Agora, como se isso não bastasse, mais escândalos surgiram em outubro, imediatamente após o governo Trump anunciar o seu plano de resgate. Milei enfrentou processos judiciais depois de admitir numa entrevista televisiva que interferiu no sistema judicial argentino, que deveria ser independente e apolítico. No entanto, Milei gabou-se de ter «tomado a decisão» de prender a ex-presidente de esquerda Cristina Fernández de Kirchner, sua principal rival política, com base em acusações infundadas e motivadas politicamente de «corrupção».
Depois, na mesma semana, um dos aliados políticos mais importantes de Milei, o legislador José Luis Espert, admitiu que havia recebido US$ 200 mil de um conhecido traficante de drogas. Espert estava literalmente no topo da lista de candidatos do partido «Liberty Advances» de Milei, mas foi forçado a renunciar em desgraça, poucas semanas antes das eleições legislativas. Milei já era muito impopular na Argentina, mas esses constantes escândalos de corrupção só serviram para indignar ainda mais o país.
Mas a administração Trump está a fazer o possível para ajudar Milei. E essa é a verdadeira razão pela qual se está a ouvir falar agora sobre este resgate de US$ 20 bilhões. Mas provavelmente não vai funcionar. É provável que Milei e o seu partido «Liberty Advances» percam as eleições de outubro.

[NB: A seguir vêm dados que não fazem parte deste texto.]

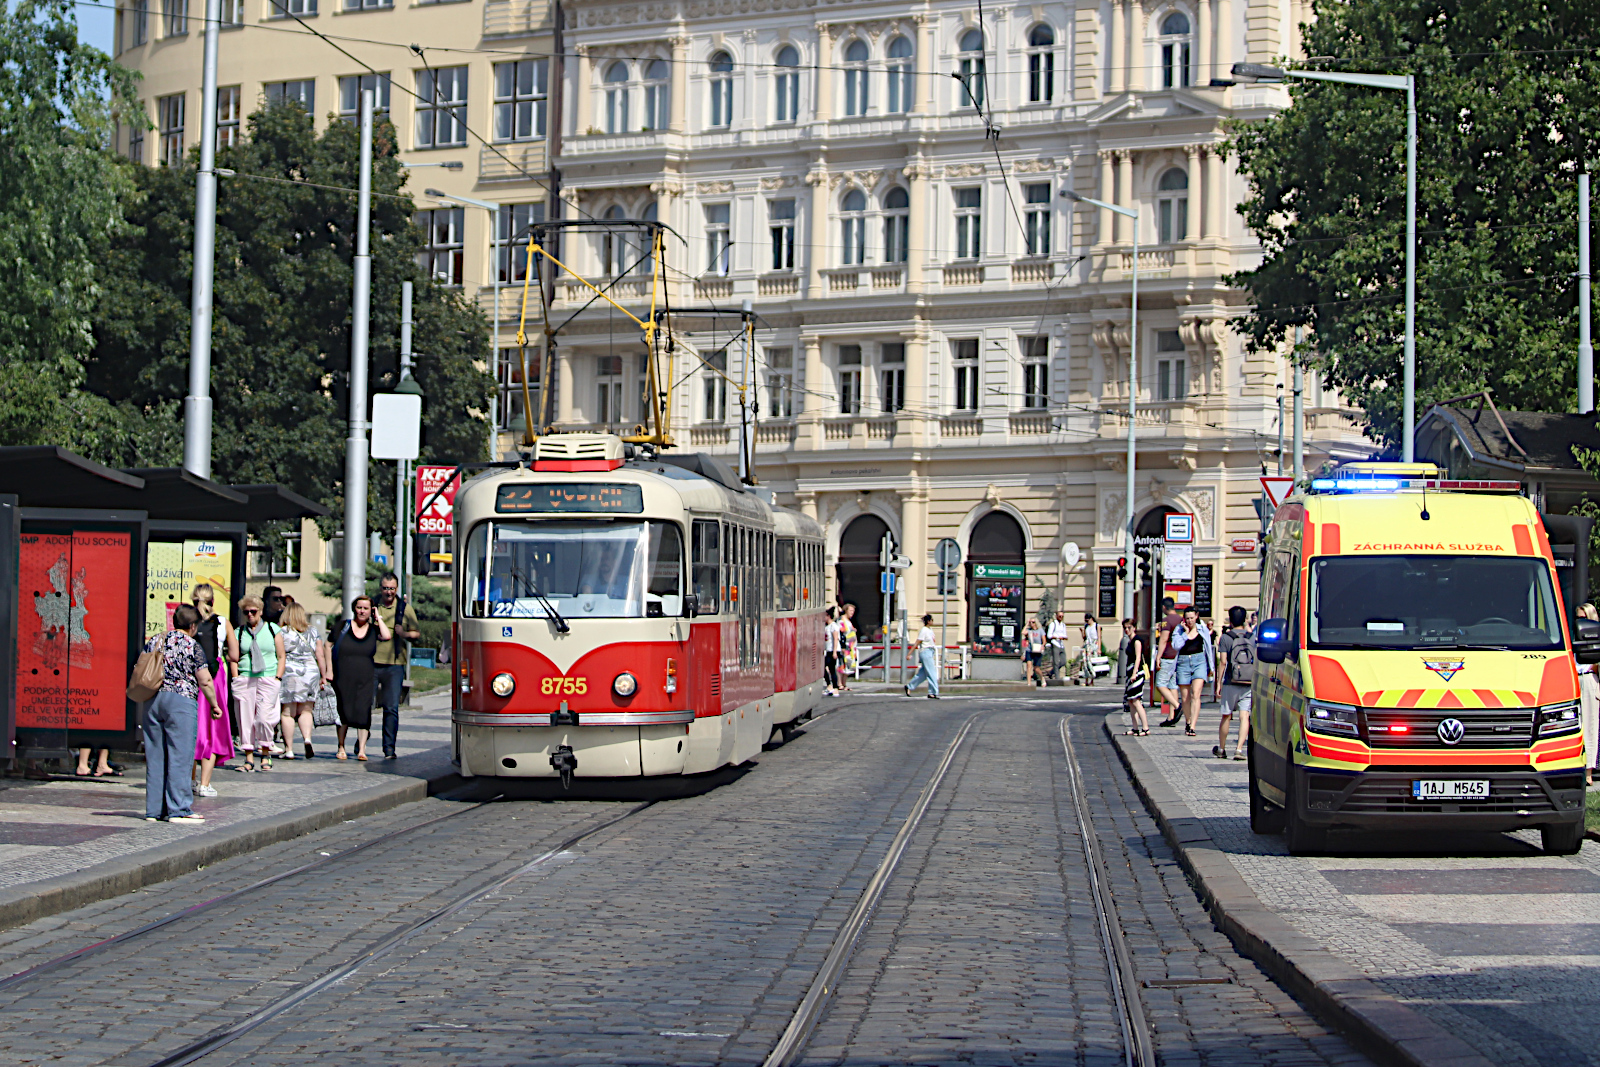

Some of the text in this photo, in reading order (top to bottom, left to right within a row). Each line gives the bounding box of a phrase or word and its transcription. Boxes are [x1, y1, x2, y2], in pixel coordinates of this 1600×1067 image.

E embora o resgate possa ajudar temporariamente a economia argentina, não vai resolver a crise de forma permanente.
O que também é irónico é que o resgate financeiro de Trump à Argentina está prejudicando os produtores de soja dos EUA, muitos dos quais votaram nele.
Entretanto, o jornalista Judd Legum salientou que um dos maiores beneficiários do resgate financeiro da administração Trump é um bilionário americano de fundos de cobertura chamado Robert «Rob» Citrone, que apostou alto na economia argentina. Ele também é amigo de Scott Bessent. Citrone também é um importante aliado de Milei, e o gabinete do presidente argentino publicou fotos dele com o oligarca bilionário norte-americano no seu site oficial.
Mais uma vez, Donald Trump está a colocar os interesses dos investidores ricos acima dos interesses dos trabalhadores.
Em resumo, estas são as verdadeiras razões pelas quais o governo Trump está a distribuir US$ 40 biliões ao governo da Argentina, enquanto corta despesas sociais no seu próprio país.